##### RECORDS FOR THE EXERCISE #####

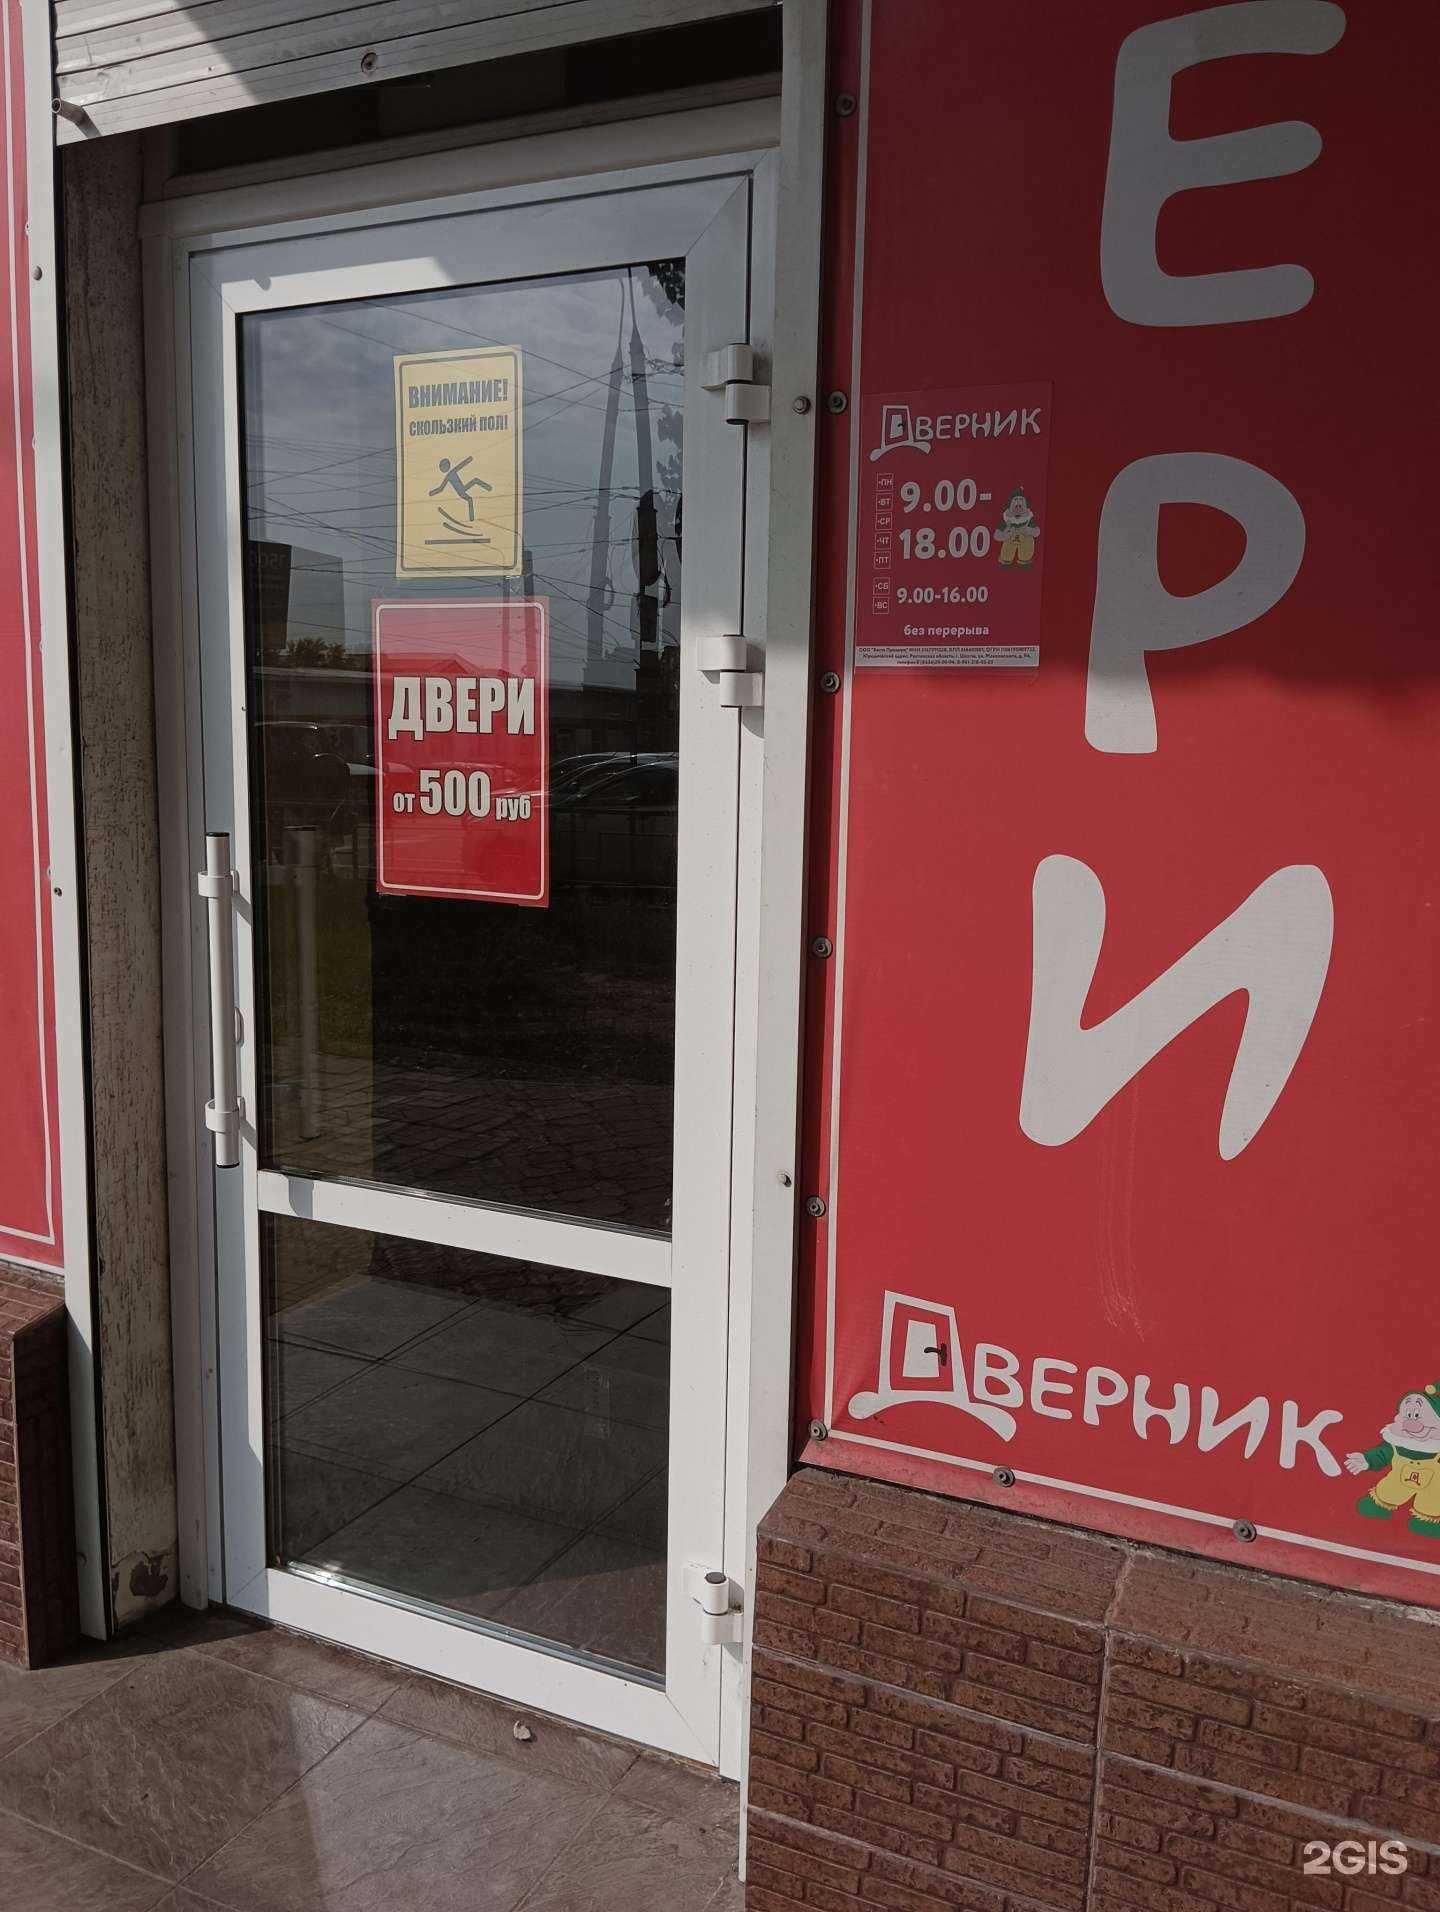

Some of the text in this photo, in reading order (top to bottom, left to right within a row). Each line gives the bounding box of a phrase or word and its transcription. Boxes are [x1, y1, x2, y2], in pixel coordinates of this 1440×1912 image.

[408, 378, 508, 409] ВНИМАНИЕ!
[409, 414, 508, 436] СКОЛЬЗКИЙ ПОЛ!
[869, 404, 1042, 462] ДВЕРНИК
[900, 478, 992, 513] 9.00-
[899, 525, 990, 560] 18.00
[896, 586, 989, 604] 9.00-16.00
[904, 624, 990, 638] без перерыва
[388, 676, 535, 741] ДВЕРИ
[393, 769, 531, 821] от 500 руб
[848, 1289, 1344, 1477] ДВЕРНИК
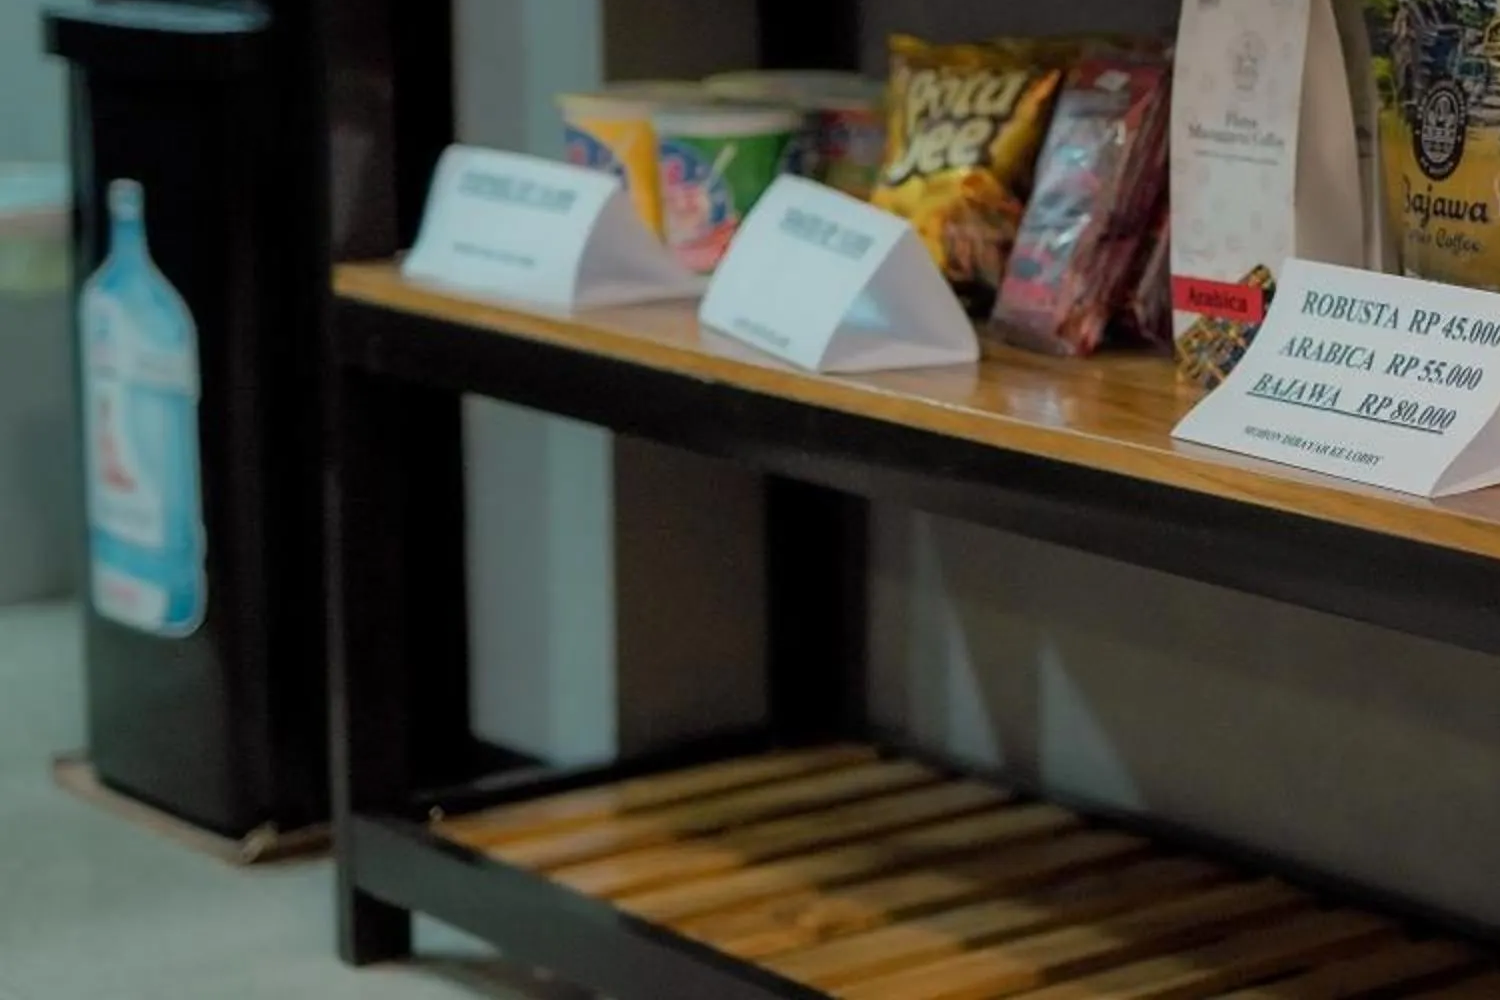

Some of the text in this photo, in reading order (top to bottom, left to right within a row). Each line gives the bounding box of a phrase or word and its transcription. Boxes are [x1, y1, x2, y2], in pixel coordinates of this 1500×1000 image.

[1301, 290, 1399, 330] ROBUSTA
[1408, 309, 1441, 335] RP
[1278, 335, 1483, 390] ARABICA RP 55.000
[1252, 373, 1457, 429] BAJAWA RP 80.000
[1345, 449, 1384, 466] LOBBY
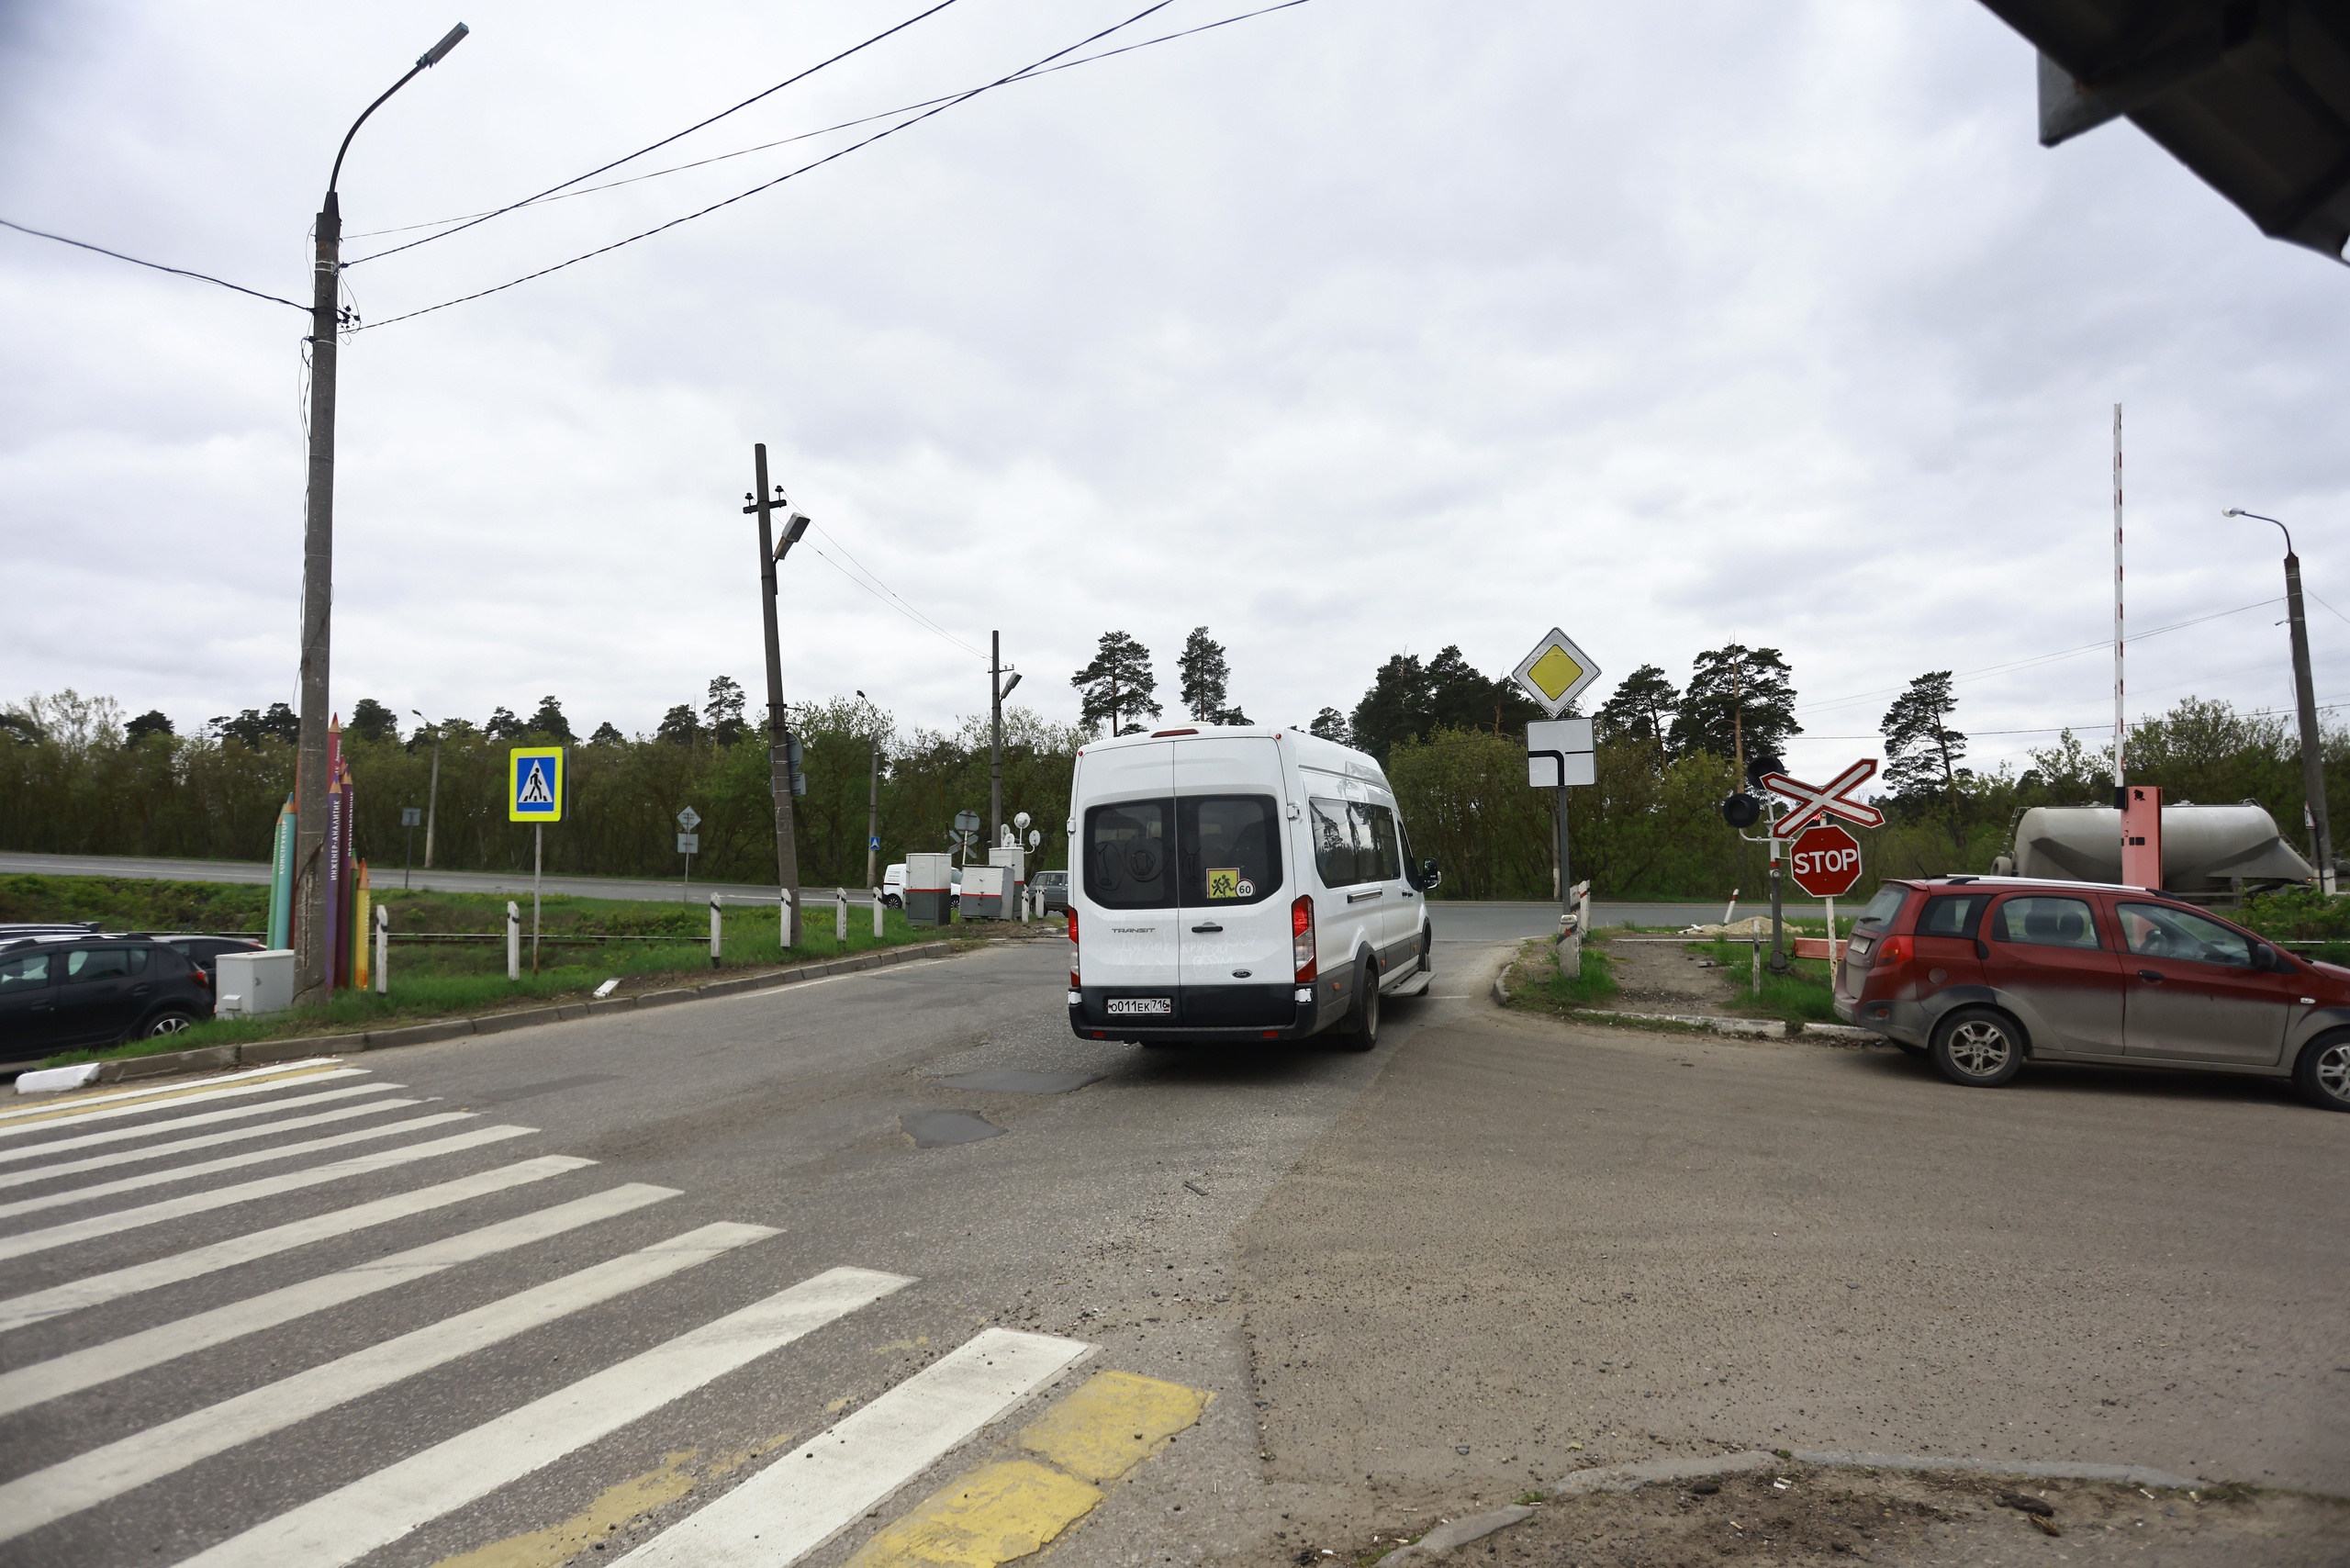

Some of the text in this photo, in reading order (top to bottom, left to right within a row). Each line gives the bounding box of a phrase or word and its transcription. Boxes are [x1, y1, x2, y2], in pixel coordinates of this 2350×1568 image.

#####

Pictures don't belong in the copy. Transcribe every record exactly as it appears.

Some of the text in this photo, in reading order (top to bottom, left to right within a row). Each line gives the bounding box of a phrase or word and its transcription. Boxes are [x1, y1, x2, y2], in pixel coordinates of this 1440×1912 image.

[408, 378, 508, 409] ВНИМАНИЕ!
[409, 414, 508, 436] СКОЛЬЗКИЙ ПОЛ!
[869, 404, 1042, 462] ДВЕРНИК
[900, 478, 992, 513] 9.00-
[899, 525, 990, 560] 18.00
[896, 586, 989, 604] 9.00-16.00
[904, 624, 990, 638] без перерыва
[388, 676, 535, 741] ДВЕРИ
[393, 769, 531, 821] от 500 руб
[848, 1289, 1344, 1477] ДВЕРНИК

Some of the text in this photo, in reading order (top to bottom, left to right within a row). Each line gives the bounding box of a phrase or word and its transcription. Boxes are [x1, y1, x2, y2], in pixel coordinates of this 1500×1000 image.

[1301, 290, 1399, 330] ROBUSTA
[1408, 309, 1441, 335] RP
[1278, 335, 1483, 390] ARABICA RP 55.000
[1252, 373, 1457, 429] BAJAWA RP 80.000
[1345, 449, 1384, 466] LOBBY

Some of the text in this photo, in reading order (top to bottom, left to right within a row). Each line gives the bounding box of a phrase or word and its transcription. Boxes are [x1, y1, x2, y2], in pixel coordinates of this 2350×1568 image.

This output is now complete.